**To do:** The records that follow are to be transcribed word for word.

**Materials provided:**
+---+

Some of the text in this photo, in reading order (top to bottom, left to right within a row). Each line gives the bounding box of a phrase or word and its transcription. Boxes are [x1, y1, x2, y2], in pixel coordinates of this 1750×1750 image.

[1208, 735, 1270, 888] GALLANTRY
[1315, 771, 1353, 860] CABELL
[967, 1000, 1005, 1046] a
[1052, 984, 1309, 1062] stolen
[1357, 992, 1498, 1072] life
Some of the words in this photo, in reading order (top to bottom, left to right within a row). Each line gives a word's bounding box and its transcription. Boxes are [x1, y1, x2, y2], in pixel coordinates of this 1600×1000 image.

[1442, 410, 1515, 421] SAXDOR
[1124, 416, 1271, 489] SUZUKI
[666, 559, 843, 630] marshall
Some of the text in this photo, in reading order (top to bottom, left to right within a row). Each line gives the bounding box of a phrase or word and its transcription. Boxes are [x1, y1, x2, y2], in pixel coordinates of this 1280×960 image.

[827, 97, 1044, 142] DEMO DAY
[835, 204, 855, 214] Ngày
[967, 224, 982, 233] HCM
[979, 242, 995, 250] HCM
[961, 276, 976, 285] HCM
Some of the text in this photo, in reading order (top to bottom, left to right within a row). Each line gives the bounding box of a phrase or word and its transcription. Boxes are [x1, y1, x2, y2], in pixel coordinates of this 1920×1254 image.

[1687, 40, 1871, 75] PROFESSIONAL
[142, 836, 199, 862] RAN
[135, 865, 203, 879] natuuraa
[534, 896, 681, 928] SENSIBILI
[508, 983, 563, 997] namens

+---+

**Task output:**
Some of the text in this photo, in reading order (top to bottom, left to right within a row). Each line gives the bounding box of a phrase or word and its transcription. Boxes are [x1, y1, x2, y2], in pixel coordinates of this 1750×1750 image.

[1208, 735, 1270, 888] GALLANTRY
[1315, 771, 1353, 860] CABELL
[967, 1000, 1005, 1046] a
[1052, 984, 1309, 1062] stolen
[1357, 992, 1498, 1072] life
Some of the words in this photo, in reading order (top to bottom, left to right within a row). Each line gives a word's bounding box and its transcription. Boxes are [x1, y1, x2, y2], in pixel coordinates of this 1600×1000 image.

[1442, 410, 1515, 421] SAXDOR
[1124, 416, 1271, 489] SUZUKI
[666, 559, 843, 630] marshall
Some of the text in this photo, in reading order (top to bottom, left to right within a row). Each line gives the bounding box of a phrase or word and its transcription. Boxes are [x1, y1, x2, y2], in pixel coordinates of this 1280×960 image.

[827, 97, 1044, 142] DEMO DAY
[835, 204, 855, 214] Ngày
[967, 224, 982, 233] HCM
[979, 242, 995, 250] HCM
[961, 276, 976, 285] HCM
Some of the text in this photo, in reading order (top to bottom, left to right within a row). Each line gives the bounding box of a phrase or word and its transcription. Boxes are [x1, y1, x2, y2], in pixel coordinates of this 1920×1254 image.

[1687, 40, 1871, 75] PROFESSIONAL
[142, 836, 199, 862] RAN
[135, 865, 203, 879] natuuraa
[534, 896, 681, 928] SENSIBILI
[508, 983, 563, 997] namens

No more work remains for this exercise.